● What the exercise asks
Give the data again exactly, without images.

● Given data
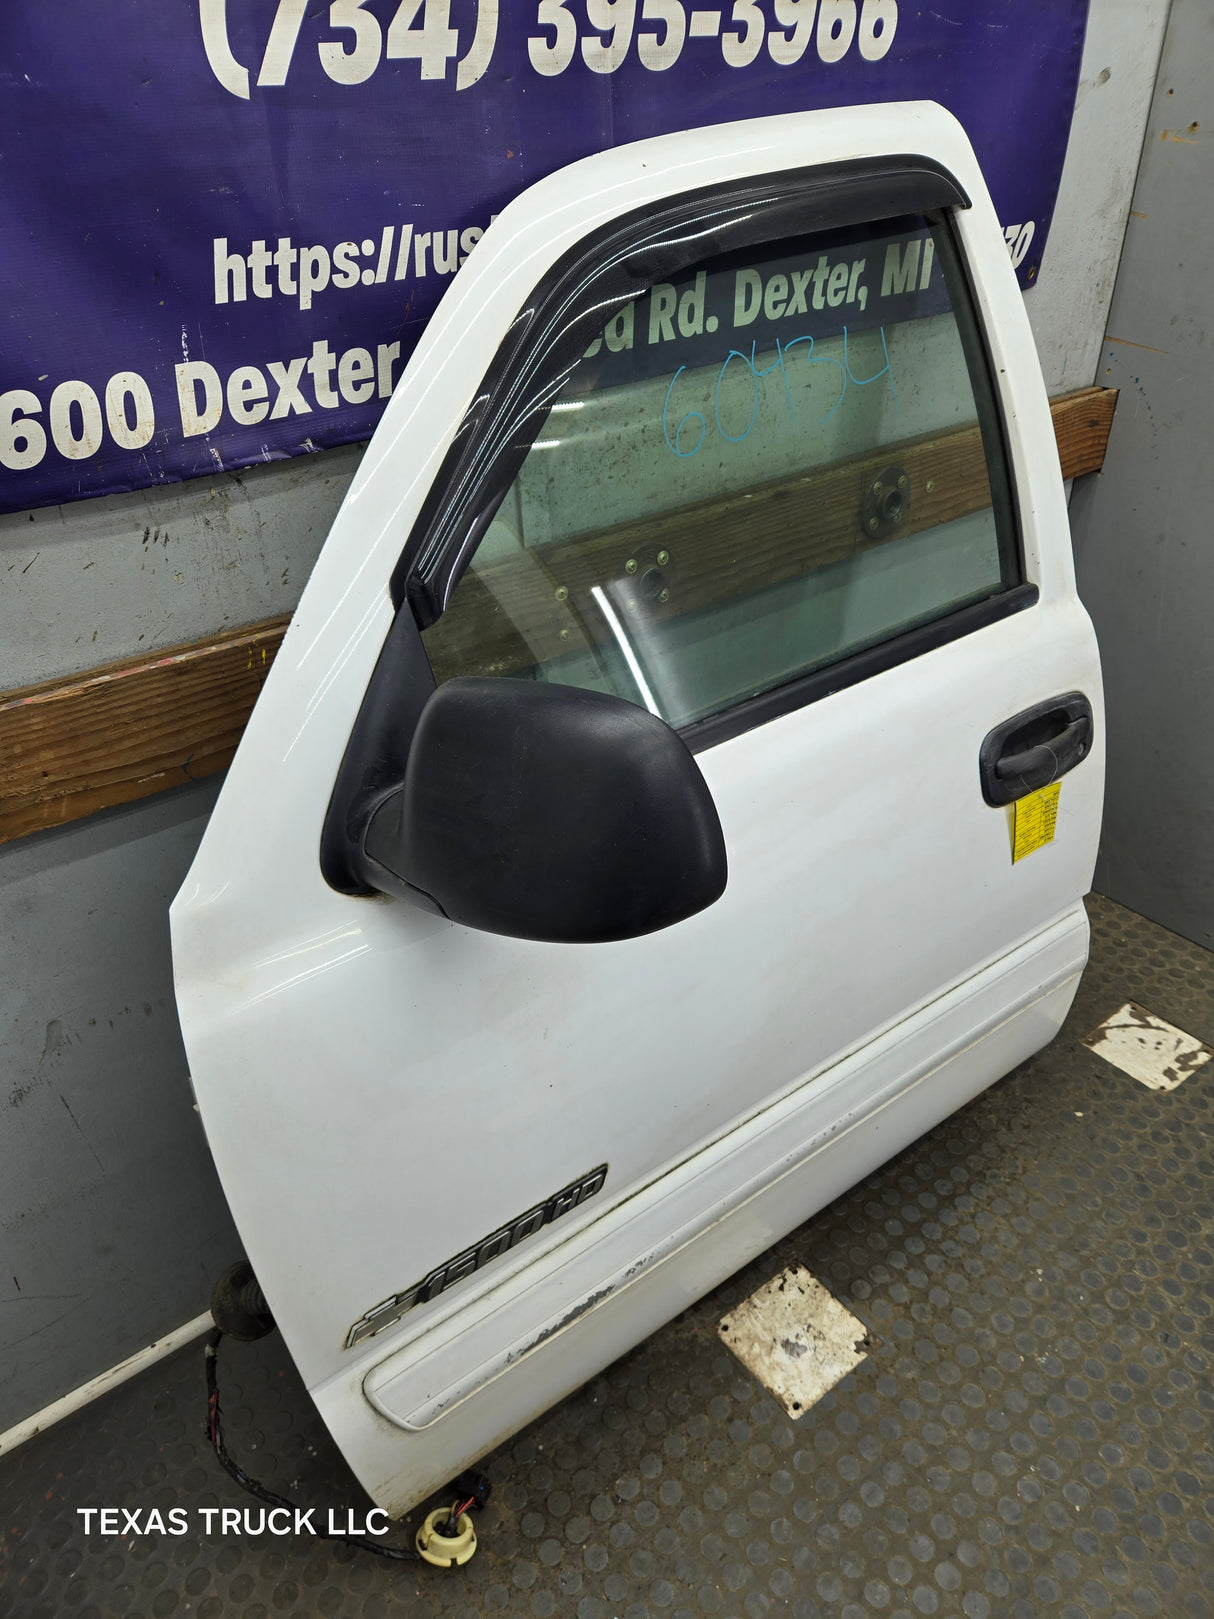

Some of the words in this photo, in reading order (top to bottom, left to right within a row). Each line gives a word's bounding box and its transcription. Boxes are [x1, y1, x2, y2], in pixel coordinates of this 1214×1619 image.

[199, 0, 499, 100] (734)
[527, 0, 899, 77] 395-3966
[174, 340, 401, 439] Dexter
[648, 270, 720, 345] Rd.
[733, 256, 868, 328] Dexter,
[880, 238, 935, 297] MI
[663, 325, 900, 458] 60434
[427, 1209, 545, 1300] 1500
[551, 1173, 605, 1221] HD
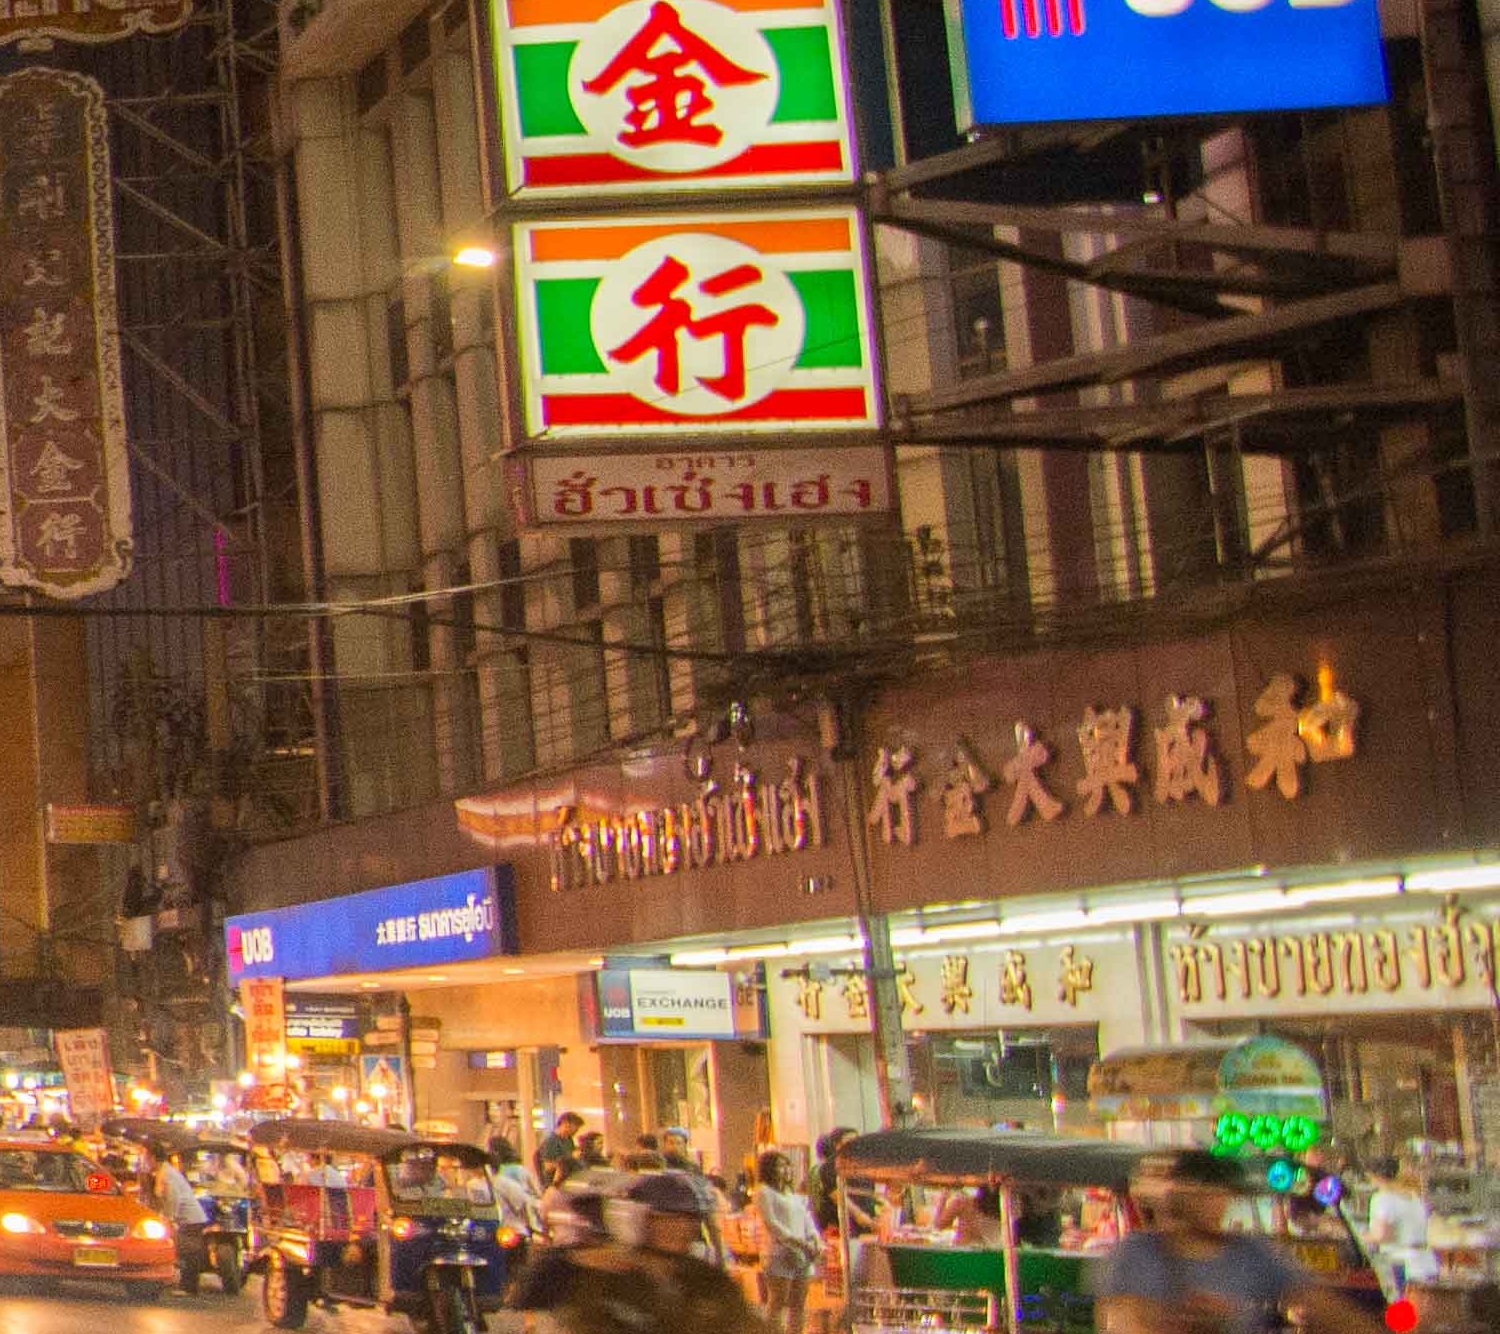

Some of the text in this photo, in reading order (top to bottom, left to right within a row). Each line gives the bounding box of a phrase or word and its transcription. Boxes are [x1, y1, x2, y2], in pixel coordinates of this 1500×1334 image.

● Task solution
Some of the words in this photo, in reading order (top to bottom, left to right within a row). Each line gives a word's bounding box and its transcription. Boxes are [x1, y1, x2, y2], in pixel coordinates of this 1214×1619 image.

[199, 0, 499, 100] (734)
[527, 0, 899, 77] 395-3966
[174, 340, 401, 439] Dexter
[648, 270, 720, 345] Rd.
[733, 256, 868, 328] Dexter,
[880, 238, 935, 297] MI
[663, 325, 900, 458] 60434
[427, 1209, 545, 1300] 1500
[551, 1173, 605, 1221] HD

Some of the text in this photo, in reading order (top to bottom, left to right within a row). Each line gives the bounding box of a phrase or word and its transcription. Boxes are [x1, y1, x2, y2], in pixel coordinates of this 1500×1334 image.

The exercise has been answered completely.